Em tempo de festas de Nossa Senhora do Socorro na Régua: Recordando...

A casa onde nasci e vivi até os meus 10 ou 12 anos, situava-se na principal rua da Régua. Própriamente na Rua dos Camilos. Quando se aproximava o mês de Agosto já o meu espírito em mais nada pensava senão nas festas em honra de Nossa Senhora do Socorro. Era tudo que de mais belo existia para mim. E, então, quando os ornamentadores iniciavam a sua tarefa, abrindo buracos nas ruas para colocar os mastros, jamais largava as varandas de onde assistia a todos esses trabalhos e que eram, afinal, o início de tudo que se iria realizar. Acompanhava tudo de princípio ao fim. Nada descurava. Os arcos, com os desenhos alusivos e algo que se ligasse com a Régua, as bandeiras que flutuavam ao vento no cimo dos mastros, vermelhas, verdes, azuis, amarelas e outras cores.

Depois era a iluminação que surgia de noite e dava à minha rua um aspecto radioso, que me deixava uma alegria intensa. Por minha vontade ficava ali, na varanda, toda a noite. Era preciso que a minha saudosa Mãe me obrigasse a ir para a cama.

Mas, de manhã, corria logo para o meu “posto”. Dali via passar, depois, as bandas de música, os gigantones e cabeçudos.

Naqueles dias, mesmo com o intenso calor que se fazia sentir, o movimento de forasteiros era enorme.

Ainda não existiam tantos veículos motorizados como hoje. Os forasteiros Juntavam-se em grupos e, acompanhados de bombos, ferrinhos e outros instrumentos, davam largas à sua alegria, cantando e dançando.

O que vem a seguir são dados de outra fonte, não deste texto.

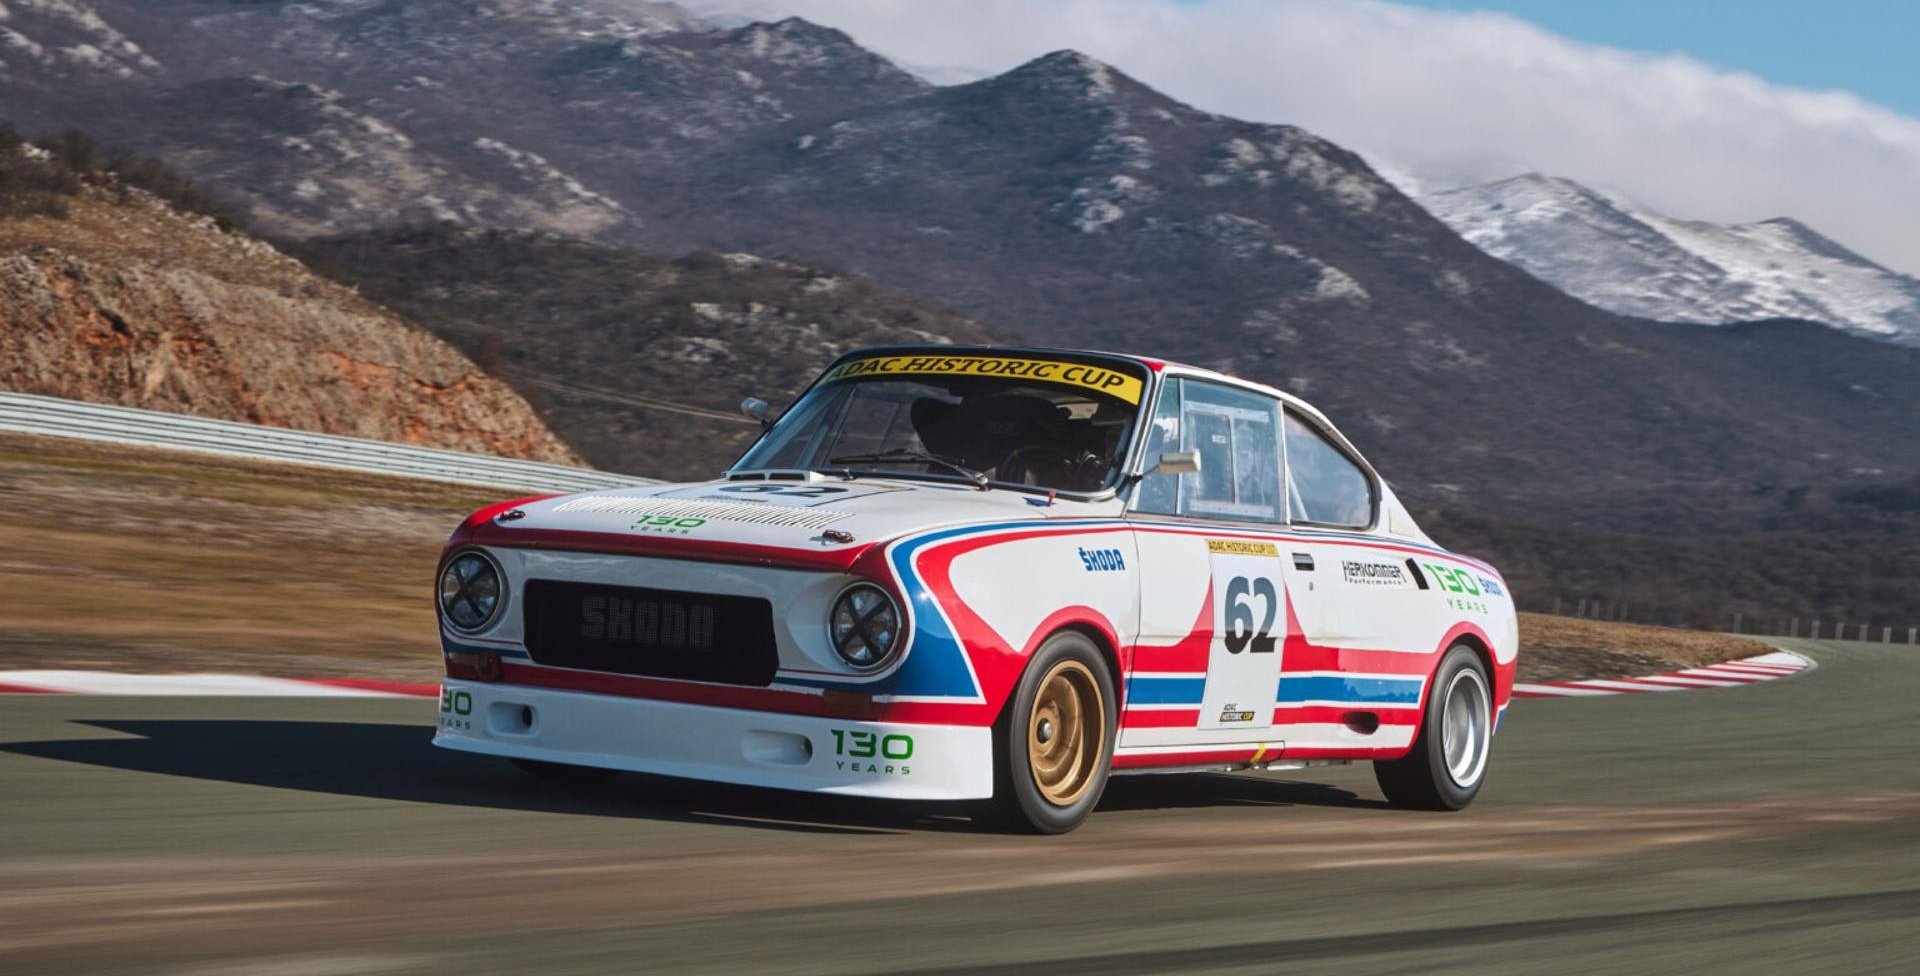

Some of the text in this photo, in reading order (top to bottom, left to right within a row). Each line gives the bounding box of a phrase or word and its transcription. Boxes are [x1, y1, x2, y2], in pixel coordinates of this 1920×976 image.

[830, 357, 1125, 390] ADAC HISTORIC CUP
[719, 484, 850, 498] 62
[637, 515, 706, 528] 130
[630, 525, 690, 535] YEARS
[1208, 541, 1226, 552] ADAC
[1078, 547, 1126, 571] ŠKODA
[1423, 563, 1480, 597] 130
[1446, 598, 1489, 614] YEARS
[1224, 576, 1277, 655] 62
[441, 689, 472, 716] 30
[441, 717, 471, 730] EARS
[830, 729, 914, 760] 130
[836, 761, 910, 775] YEARS
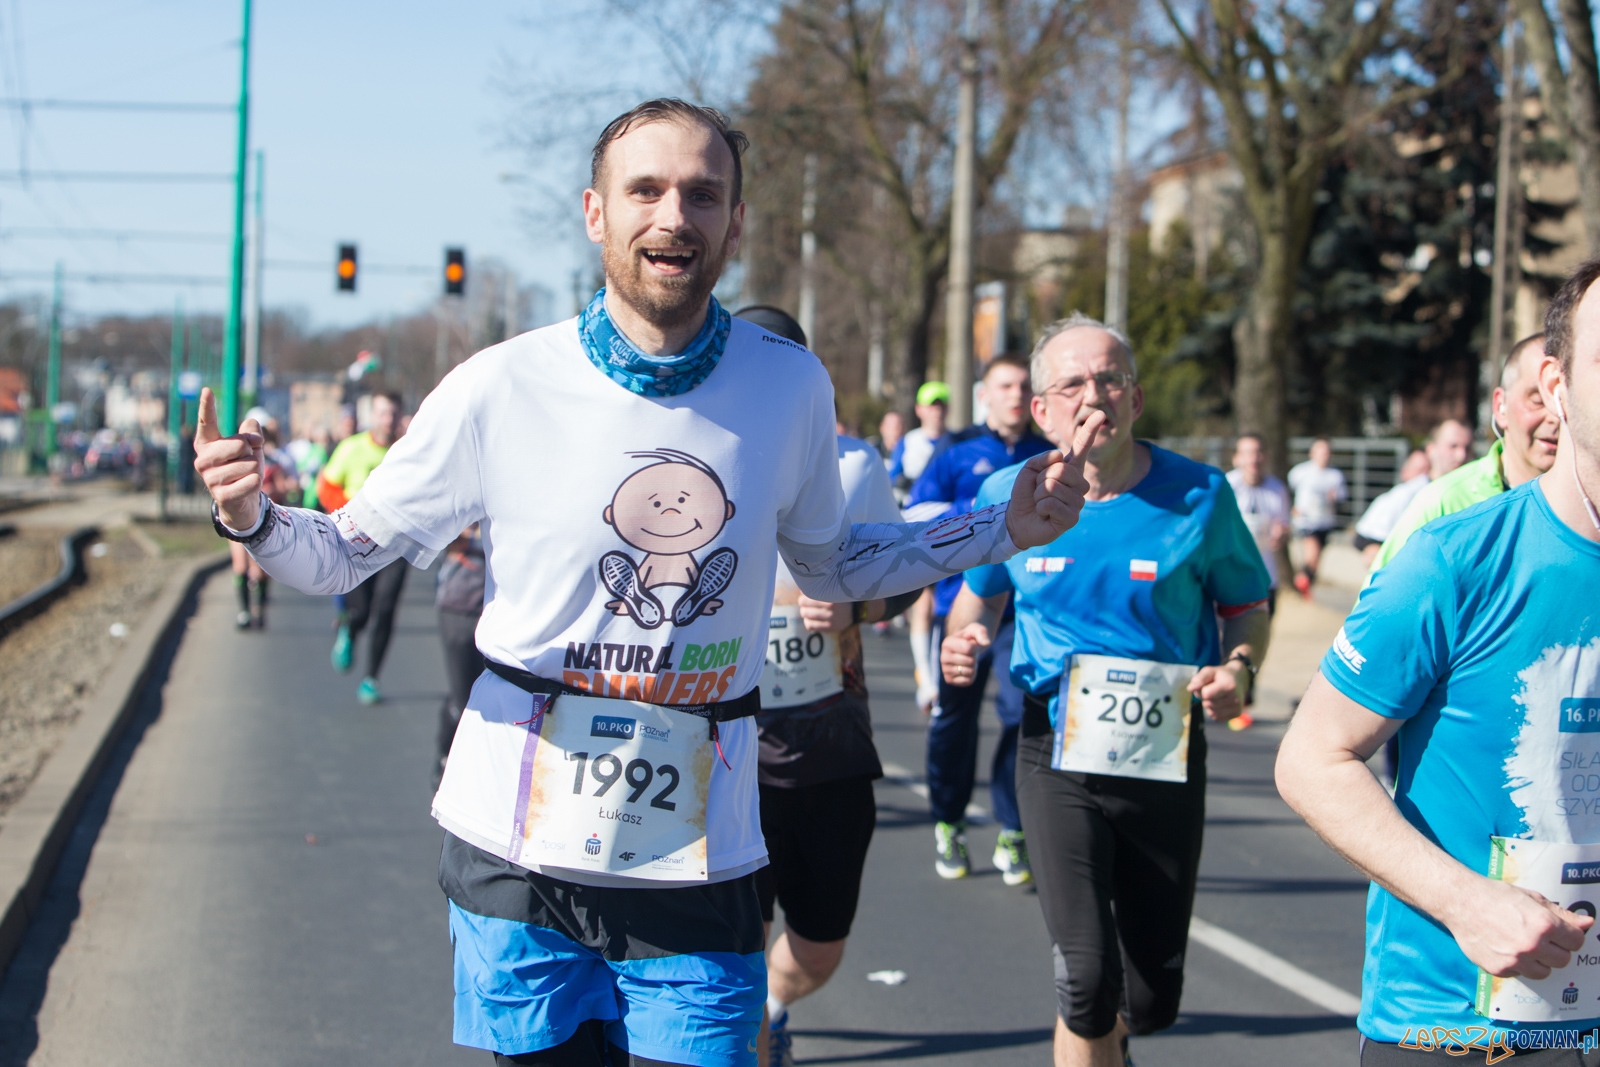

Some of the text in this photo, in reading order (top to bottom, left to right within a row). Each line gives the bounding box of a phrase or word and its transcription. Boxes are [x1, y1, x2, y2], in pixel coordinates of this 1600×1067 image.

[564, 636, 743, 674] NATURAL BORN
[1097, 693, 1163, 728] 206
[1565, 707, 1586, 722] 16.
[596, 721, 632, 733] 10. PKO
[570, 752, 680, 811] 1992
[599, 807, 643, 825] Łukasz
[618, 851, 636, 861] 4F
[1567, 868, 1580, 878] 10.

A maior parte trazia os seus cestos merendeiros à cabeça, pelo menos no dia do arraiai do rio, onde procuravam o melhor lugar para comerem o seu bocado de carneiro assado e arroz de forno, e onde não faltava a boa “pinga”.

O “nosso rio”, nesses tempos, era diferente. Havia areais por onde se podiam espalhar à vontade milhares de pessoas. Os barcos, como o da Felisbela , levavam de um lado para o outro os que gostavam de ir para “Além-Douro”.

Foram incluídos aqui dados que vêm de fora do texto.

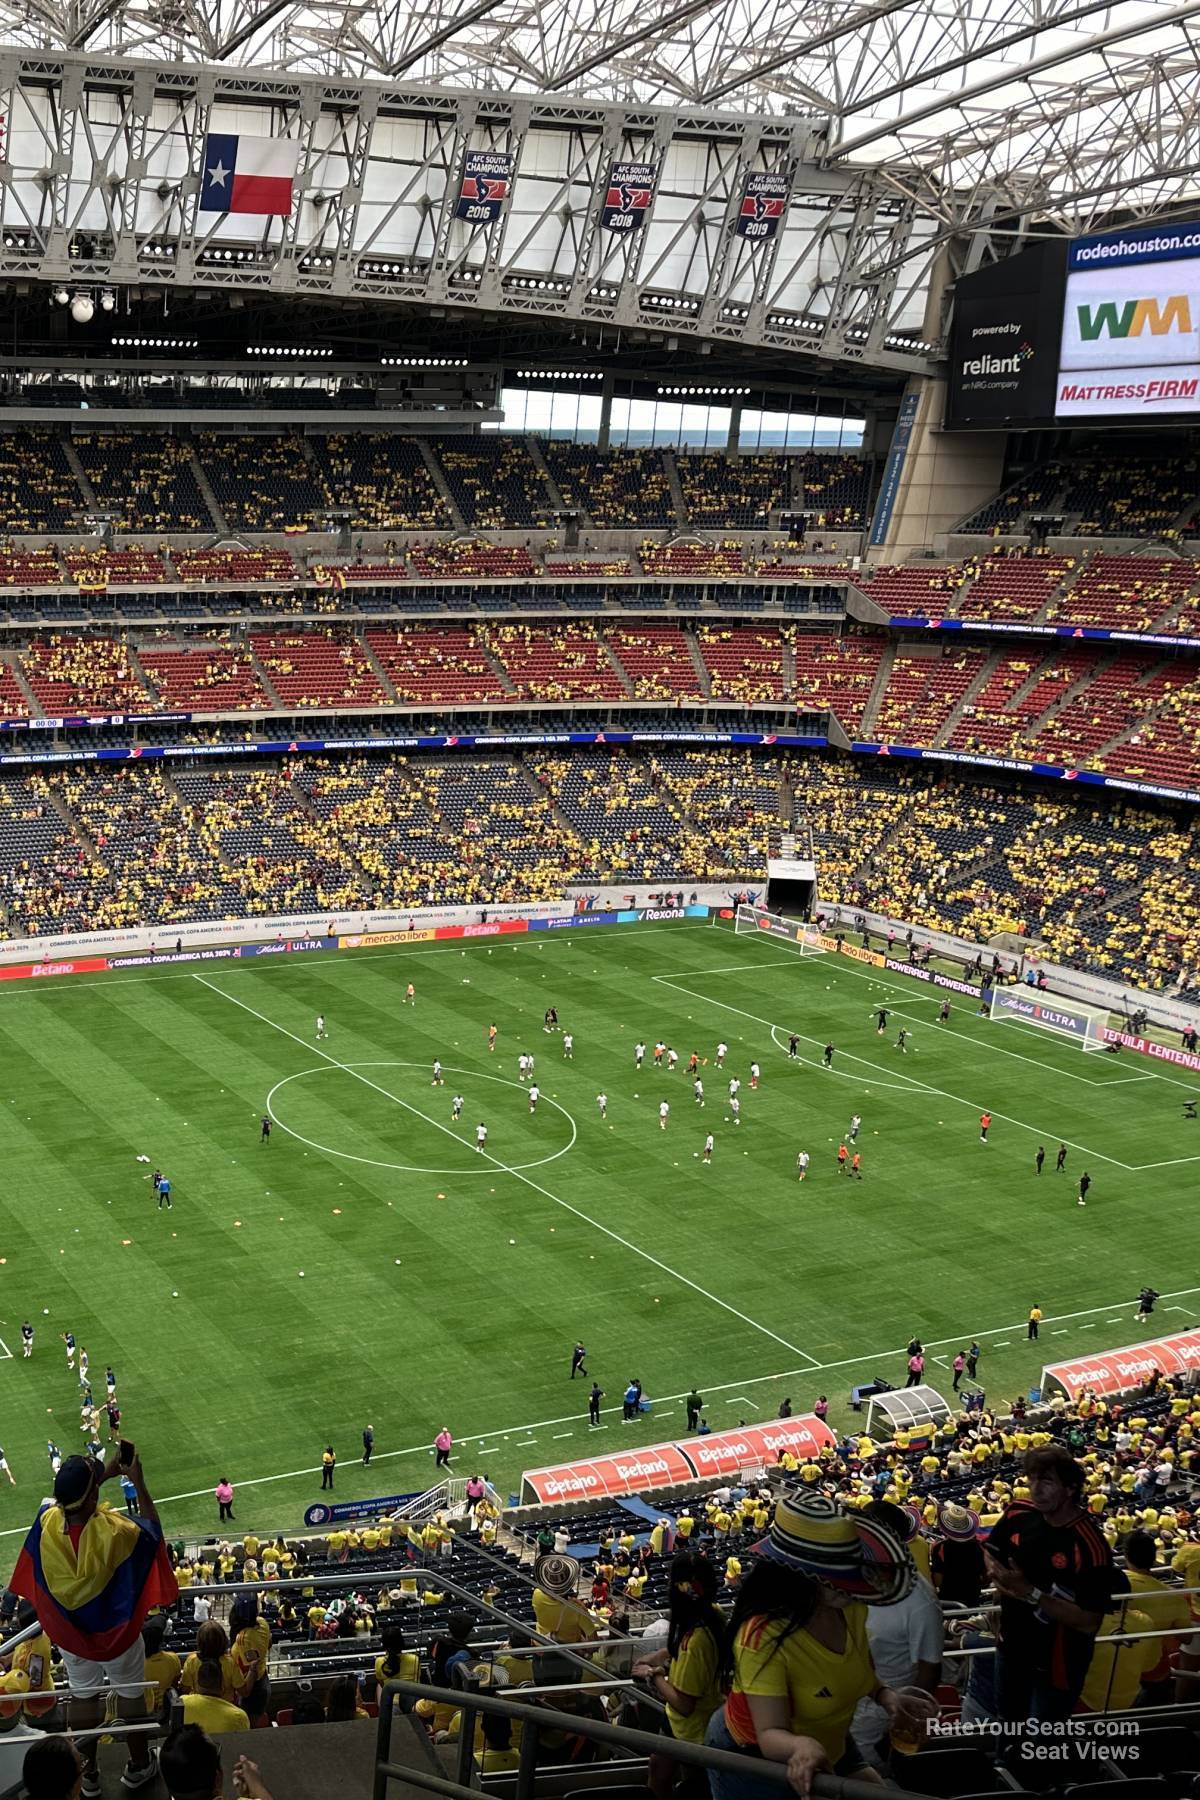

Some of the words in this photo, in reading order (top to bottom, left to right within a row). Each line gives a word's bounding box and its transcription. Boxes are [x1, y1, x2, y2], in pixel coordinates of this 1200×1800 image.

[486, 156, 506, 164] SOUTH
[466, 162, 508, 174] CHAMPIONS
[612, 173, 652, 183] CHAMPIONS
[749, 182, 786, 193] CHAMPIONS
[466, 206, 491, 219] 2016
[609, 214, 633, 227] 2018
[746, 223, 768, 235] 2019
[1077, 294, 1192, 341] WM
[972, 324, 1009, 337] powered
[1010, 323, 1021, 334] by
[962, 354, 1020, 375] reliant
[970, 382, 986, 390] NRG
[987, 381, 1019, 391] company
[974, 757, 1003, 766] AMERICA
[646, 909, 685, 920] Rexona
[464, 924, 500, 936] Betano
[365, 933, 406, 944] mercado
[407, 930, 427, 941] libre
[293, 941, 322, 950] ULTRA
[114, 958, 152, 967] CONMEBOL
[171, 953, 200, 962] AMERICA
[201, 951, 213, 959] USA
[858, 948, 878, 964] libre
[32, 963, 74, 976] Betano
[886, 960, 930, 980] POWERADE
[934, 974, 981, 997] POWERADE
[1041, 1010, 1077, 1028] ULTRA
[1066, 1368, 1110, 1386] Betano
[1117, 1358, 1158, 1376] Betano
[698, 1442, 748, 1463] Betano
[763, 1428, 812, 1450] Betano
[544, 1474, 597, 1496] Betano
[616, 1458, 669, 1479] Betano

As barracas de melancia e de melões faziam sempre bom negócio. Regateava-se o preço e a qualidade, mas tudo se vendia.

Entretanto anoitecia e as bandas de música, nos seus coretos, faziam-se ouvir e toda aquela gente dançava e bailava!

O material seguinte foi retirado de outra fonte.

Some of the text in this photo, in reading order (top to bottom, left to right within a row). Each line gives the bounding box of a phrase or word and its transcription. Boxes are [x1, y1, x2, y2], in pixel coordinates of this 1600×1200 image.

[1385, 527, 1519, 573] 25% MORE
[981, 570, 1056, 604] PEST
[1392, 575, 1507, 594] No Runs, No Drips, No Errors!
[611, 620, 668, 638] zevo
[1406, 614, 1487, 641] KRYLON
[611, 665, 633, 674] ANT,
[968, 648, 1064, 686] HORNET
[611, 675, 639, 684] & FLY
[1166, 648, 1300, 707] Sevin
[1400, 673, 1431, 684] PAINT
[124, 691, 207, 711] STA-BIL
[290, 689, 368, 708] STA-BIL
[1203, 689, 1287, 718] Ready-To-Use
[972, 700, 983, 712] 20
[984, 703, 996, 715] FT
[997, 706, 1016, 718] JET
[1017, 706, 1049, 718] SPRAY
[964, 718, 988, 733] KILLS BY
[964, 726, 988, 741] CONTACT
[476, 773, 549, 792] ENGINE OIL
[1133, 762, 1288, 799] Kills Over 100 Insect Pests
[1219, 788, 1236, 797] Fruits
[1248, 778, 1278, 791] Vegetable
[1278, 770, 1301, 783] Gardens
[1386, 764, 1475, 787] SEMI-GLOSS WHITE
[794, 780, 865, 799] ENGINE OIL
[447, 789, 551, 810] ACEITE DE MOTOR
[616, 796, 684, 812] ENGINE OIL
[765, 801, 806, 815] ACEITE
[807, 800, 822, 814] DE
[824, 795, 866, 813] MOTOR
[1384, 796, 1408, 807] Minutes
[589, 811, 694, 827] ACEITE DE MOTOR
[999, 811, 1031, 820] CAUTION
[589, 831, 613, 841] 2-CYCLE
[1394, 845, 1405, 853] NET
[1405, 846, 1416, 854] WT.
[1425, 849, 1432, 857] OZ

Tudo era animado e tudo apenas terminava quando era lançada a última partida de fogo do ar e aquático. E diga-se que o fogo escolhido era sempre dos melhores pirotécnicos do norte do país. Eram horas e horas de encanto e pode afirmar-se que arraial como o da Régua era difícil de igualar.

Tudo isso se efectuava após a “Procissão” ter percorrido as principais ruas da então vila e que saía em triunfo da igreja Matriz.

E se deixei para o fim este número da Festa, é porque, para mim, era um “sonho” tudo o que meus o!hos presenciavam. Os andores, os anjinhos eram a coisa mais brilhante a que assistia. Da varanda da minha casa assistia àquele cortejo maravilhoso.

E minha Mãe ia-me indicando o que representava cada uma das figuras que crianças, já a vislumbrarem no seu rosto o cansaço e o calor de tão longo trajecto, apresentavam. Surgia, finalmente, o andor com a Nossa Senhora do Socorro, Toda a gente se ajoelhava.

Olhos cheios de lágrimas se viam em muitas das pessoas. Mãos erguidas dirigidas em direcção a quem parecia sorrir e deitar um olhar de amor aos que lhe faziam os seus pedidos, lançavam as suas preces.

E minha saudosa mãe também chorava e as lágrimas corriam-lhe pelas suas faces. Só hoje compreendo porque choravam as pessoas quando Nossa Senhora do Socorro surgia ali mesmo, num andor repleto de flores.

E só hoje compreendo porque, já no fim duma vida em que estarei perto da Eternidade, também as lágrimas se soltam de meus olhos, lembrando entes queridos desaparecidos, lembrando o sofrimento de tantos. Que Nossa Senhora do Socorro nos abençoe, nos perdoe das nossas faltas. Como tudo era diferente nos meus tempos de criança!...
- Por Jaime Ferraz Rodrigues Gabão** – In Boletim das Festas de Nossa Senhora do Socorro de 1991. Texto gentilemente cedido por J. A. Almeida-Régua.

**Jaime Ferraz Rodrigues Gabão nasceu na cidade de Peso da Régua em 13 de Abril de 1924. Faleceu a 18 de Junho de 1992.